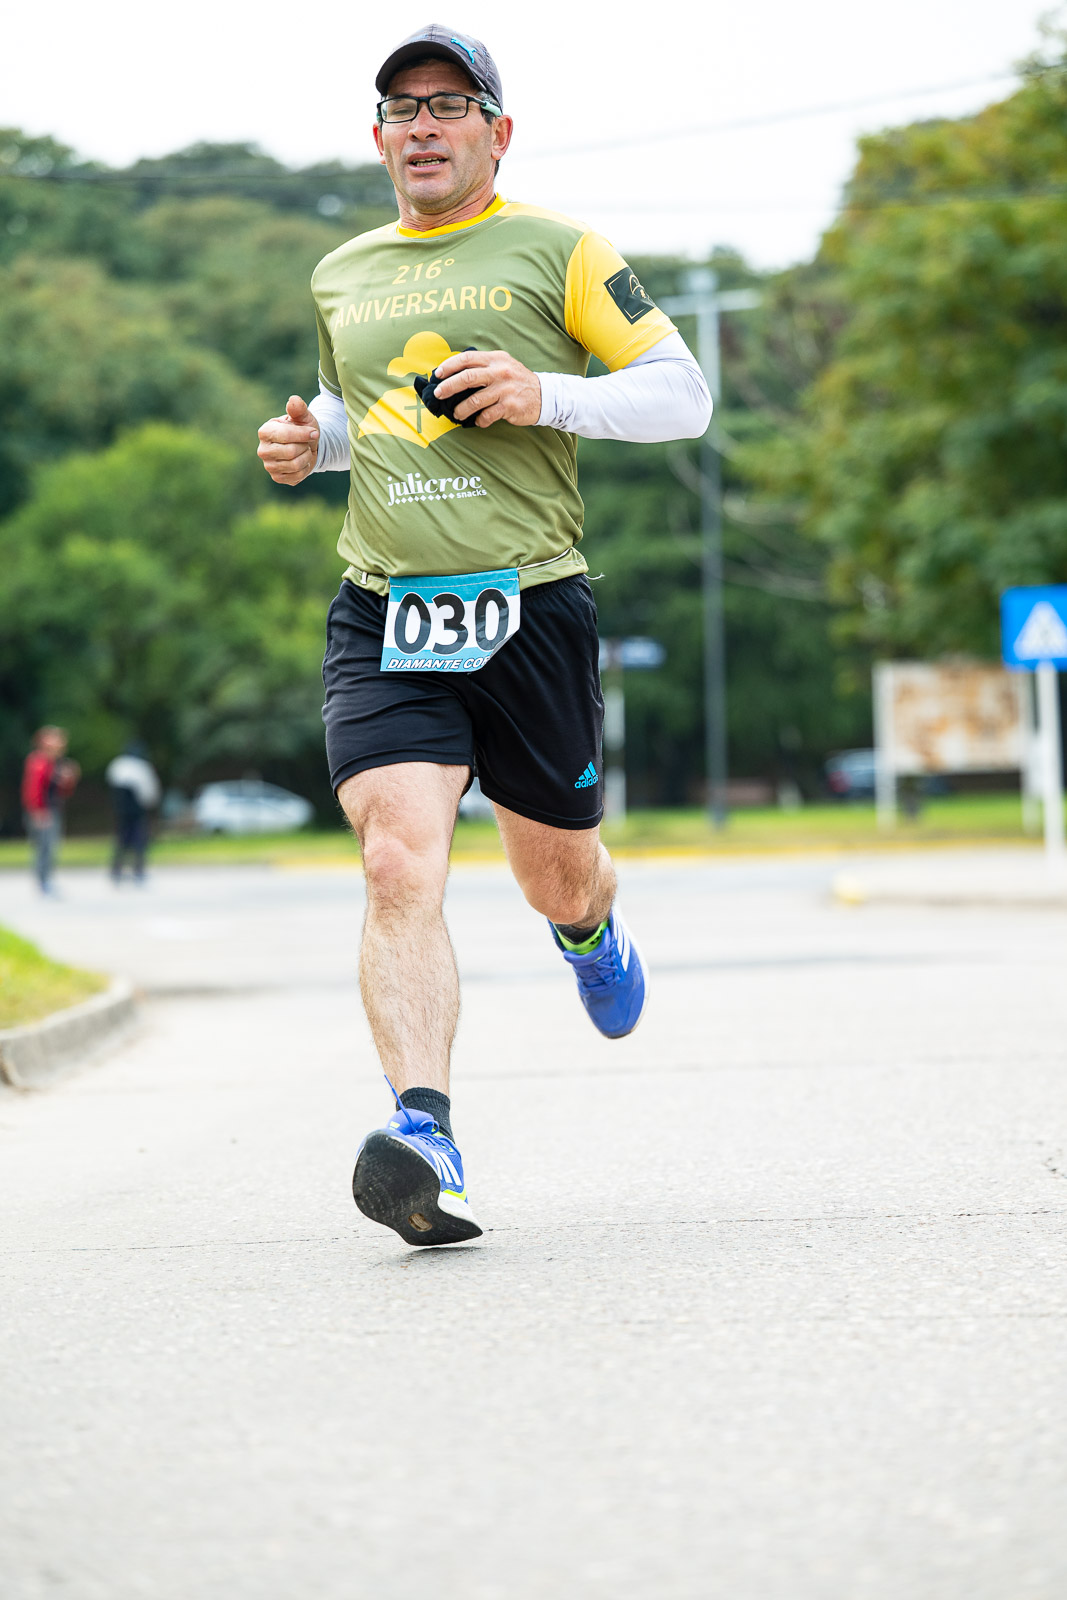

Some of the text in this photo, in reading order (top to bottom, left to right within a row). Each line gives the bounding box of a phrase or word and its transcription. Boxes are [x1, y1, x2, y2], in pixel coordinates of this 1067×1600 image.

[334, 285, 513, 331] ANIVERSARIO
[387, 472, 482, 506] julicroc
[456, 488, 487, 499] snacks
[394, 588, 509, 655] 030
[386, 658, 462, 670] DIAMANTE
========================================
▶ [WORK REQUIRED]: Write out the material above exactly. Skip the pictures.

▶ [RESPONSE TO THE EXERCISE]:
Some of the text in this photo, in reading order (top to bottom, left to right within a row). Each line gives the bounding box of a phrase or word and its transcription. Boxes are [x1, y1, x2, y2], in pixel coordinates of this 1067×1600 image.

[334, 285, 513, 331] ANIVERSARIO
[387, 472, 482, 506] julicroc
[456, 488, 487, 499] snacks
[394, 588, 509, 655] 030
[386, 658, 462, 670] DIAMANTE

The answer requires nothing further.